Guest Post | Belinda Nicoll Presents The Big Picture

It is my pleasure today to welcome Belinda Nicoll, memoir writer and author of Out of Synch. Belinda will share with us her thoughts on the “big picture” as it relates to the process of writing to heal.Please join with me in welcoming Belinda to Healing by Writing.

Belinda and her husband, Bruce, on their wedding day, together with her children: Juanita and Warrick.
Belinda and her husband, Bruce, on their wedding day, together with her children: Juanita and Warrick.

The Big Picture

by Belinda Nicoll

Apropos the mission statement of her blog and the writing goal of my host, Sherrey Meyer, the notion of healing through the arts go way back and has become firmly entrenched in modern society. The written word—keeping a journal, or writing memoir or poetry—is an obvious channel through which to explore emotional and psychological distress due to childhood abuse, the break-up of a significant relationship and overcoming a life-threatening disease, as well as reflecting on traumatic events, such as acts of violence, terrorism and war. Painting, sculpture, architecture, music, drama and dance are also effective means of self-expression and healing. Self-development courses and healing workshops that draw on the arts help to engage the imagination, alleviate anxiety, and provide a space for mindful expression and meaningful interactions and communication.

In 2001, when my new husband and I relocated from South Africa for a short stay in the US, we had no idea that our arrival at JFK International Airport on September 11th would coincide with a terrorist attack on our host country. Neither did we know that the event would be the indirect cause of a permanent separation from our families due to our unavoidable expatriation, the near break-up of our marriage and the end of my income-generating days. It would take many years and several relocations before realizing that the dysfunctional aspects of my new life were really also symptoms of Post-traumatic Stress Disorder (PTSD). Feeling overwhelmed by a sense of not belonging, and seeing that I had a background in writing and life coaching, it made sense to write a book about my expatriation and its impact on my relationships. My memoir, Out of Sync, soon became an exploration of the concept of personal transformation within the context of global change. In the end, I understood that the forces of change affecting me and the world were destined to collide, and that I’m not really adrift but part of an increasingly transient world.

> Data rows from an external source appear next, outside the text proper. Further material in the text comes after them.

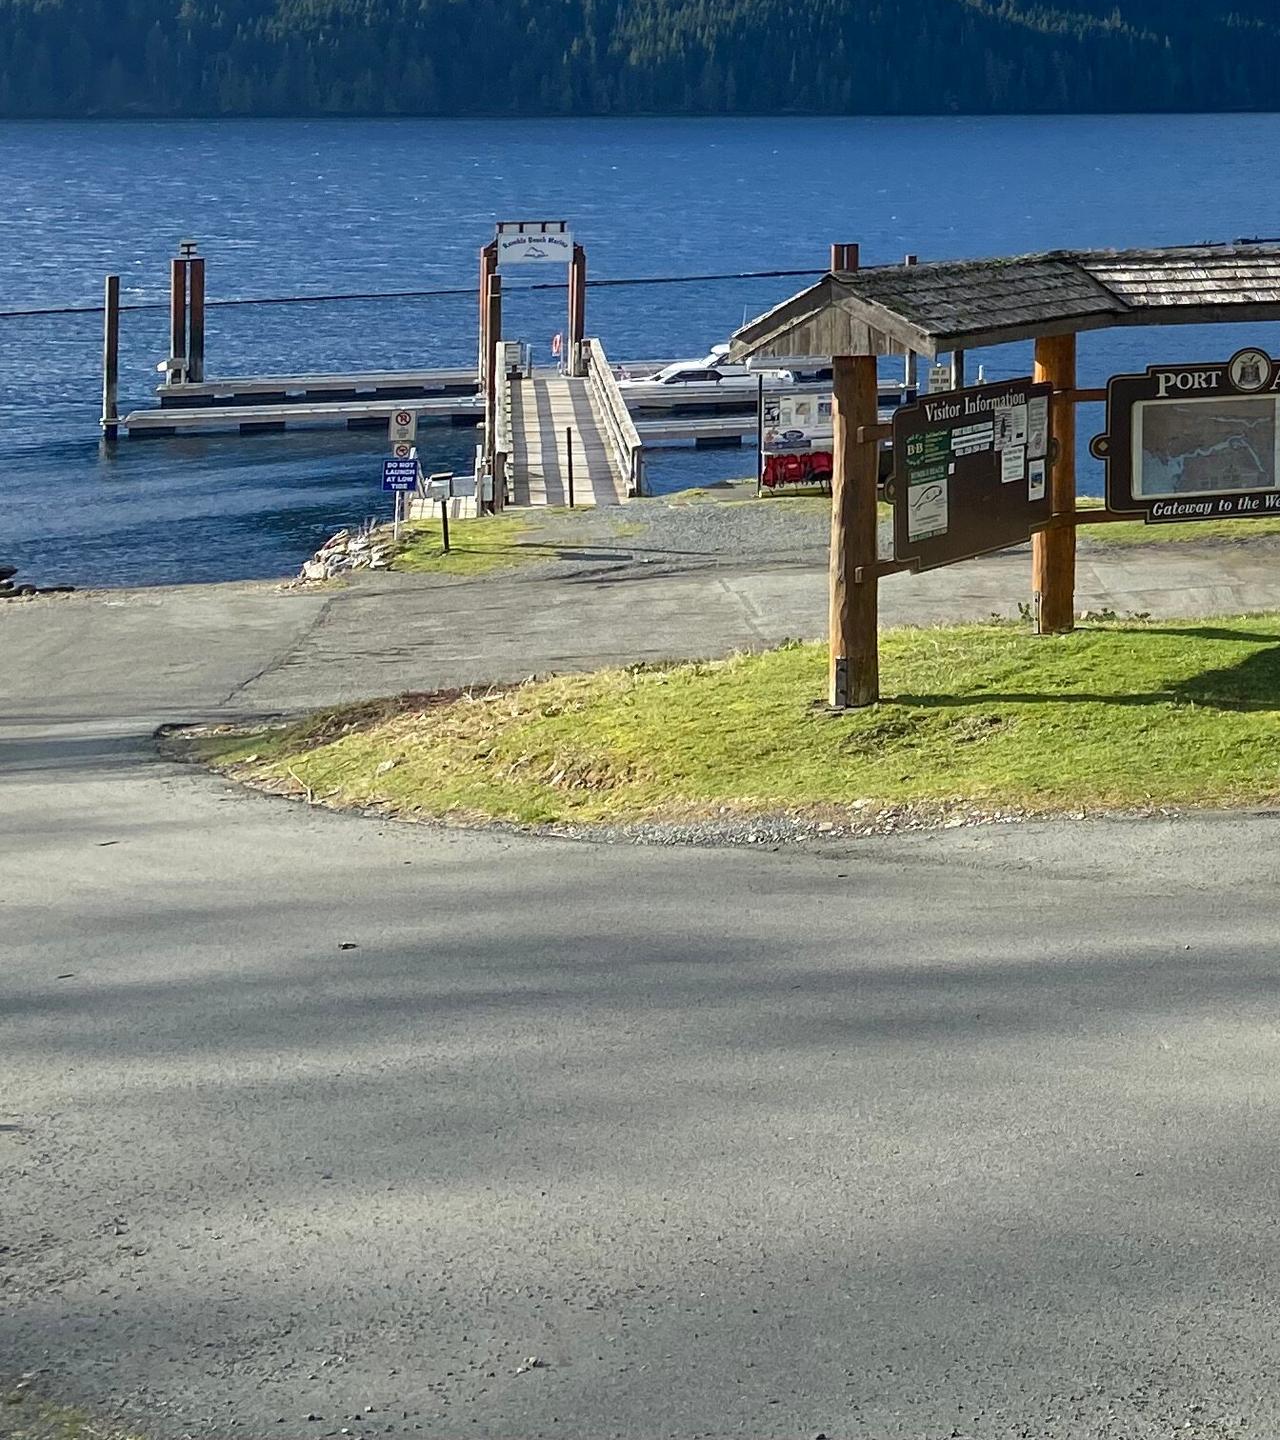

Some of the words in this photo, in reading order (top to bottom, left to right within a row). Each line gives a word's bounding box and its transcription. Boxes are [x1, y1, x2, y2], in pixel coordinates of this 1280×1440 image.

[548, 237, 568, 248] Marina
[1156, 371, 1221, 397] PORT
[925, 401, 960, 422] Visitor
[965, 388, 1026, 415] Information
[1153, 502, 1212, 516] Gateway
[1219, 499, 1232, 511] to
[1238, 497, 1259, 510] the
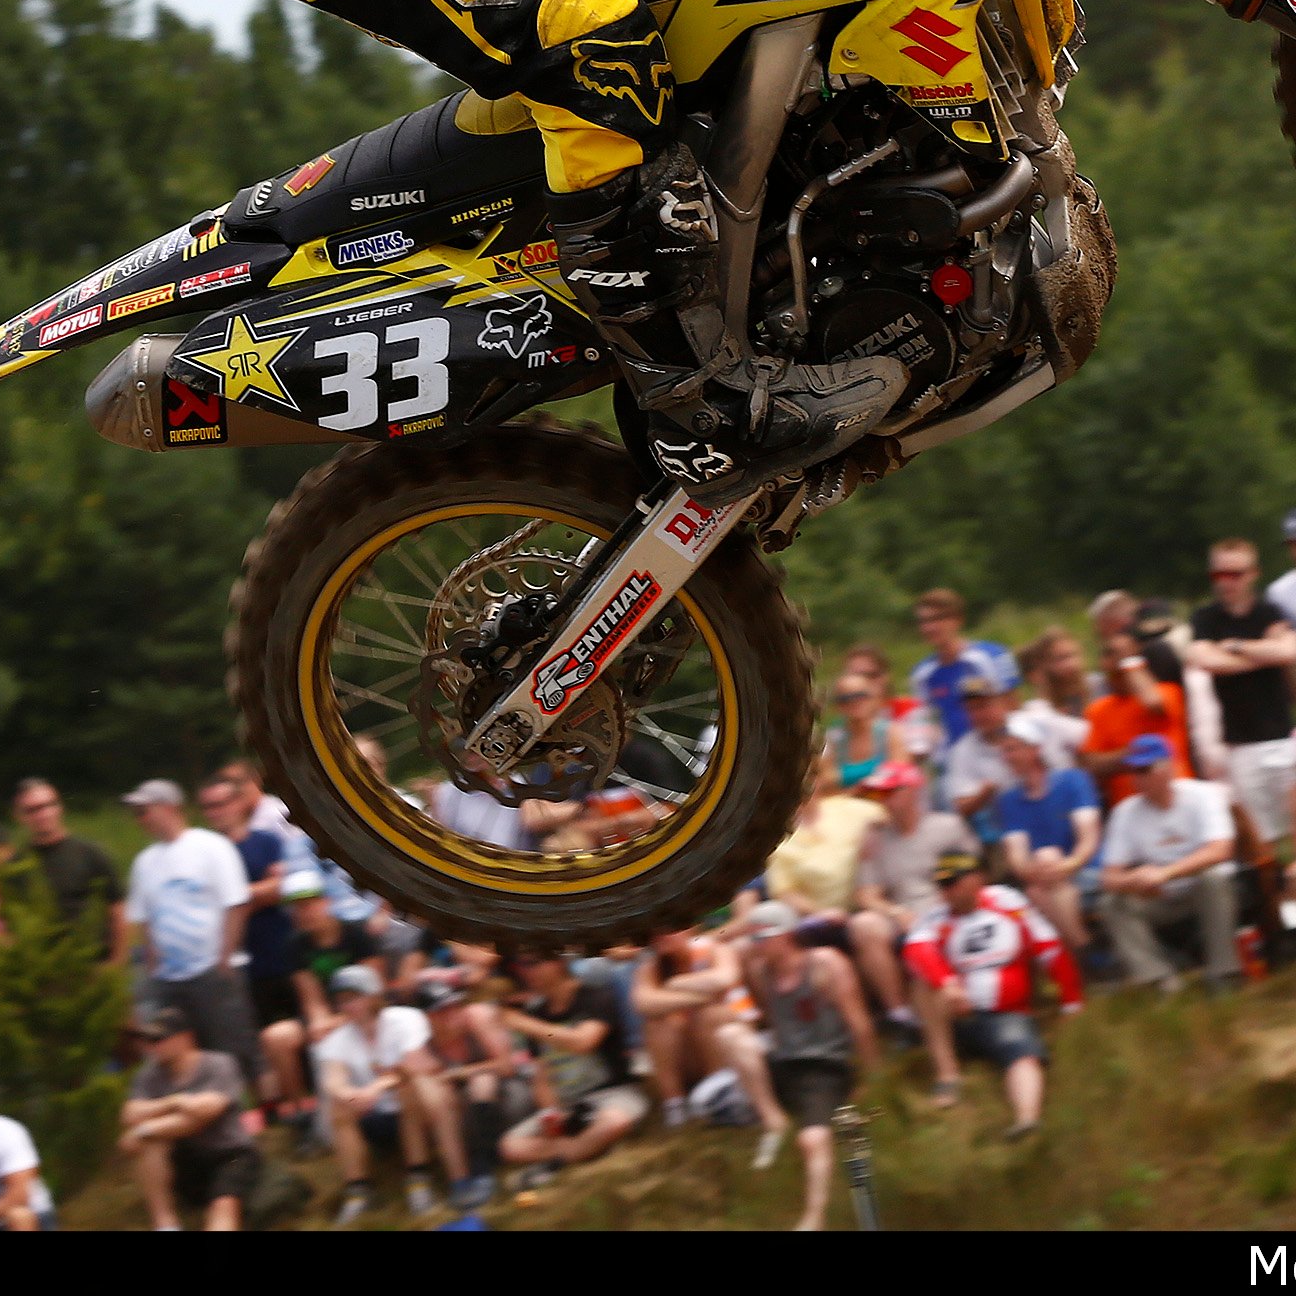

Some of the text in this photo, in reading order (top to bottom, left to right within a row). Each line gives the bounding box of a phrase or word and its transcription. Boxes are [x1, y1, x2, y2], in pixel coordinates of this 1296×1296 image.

[909, 82, 975, 101] Bischof
[350, 189, 427, 212] SUZUKI
[451, 197, 514, 225] HINSON
[338, 230, 406, 264] MENEKS
[567, 267, 651, 289] FOX
[109, 284, 176, 318] PIRELLI
[333, 302, 414, 328] LIEBER
[40, 307, 101, 344] MOTUL
[527, 344, 578, 369] MX2
[313, 316, 451, 432] 33
[533, 576, 652, 711] RENTHAL

On this note, while ‘transitory existence’ relates to the human condition, the written word, once published, becomes everlasting. As writers, we need to be mindful of the effect our work could have on others, especially those close to us—even if you’re writing for the purpose of healing, your experiences never take place in isolation but in the context of a shared world. I worked on my book fully aware that my perception of our marriage ran counter to my husband’s opinions of our situation; in fact, the disparity of our expat experiences was really at the heart of our troubles. I decided to explore the dynamics of our roller-coaster relationship with an open mind and reflect on it as honestly yet responsibly as I could. On another level, my children were important characters in the drama too and I was already feeling alienated from them. While it was important to acknowledge my pain and get clarity on my issues through my writing, I also wanted my story to be constructive within the context of my relationships as well as be relevant to world events.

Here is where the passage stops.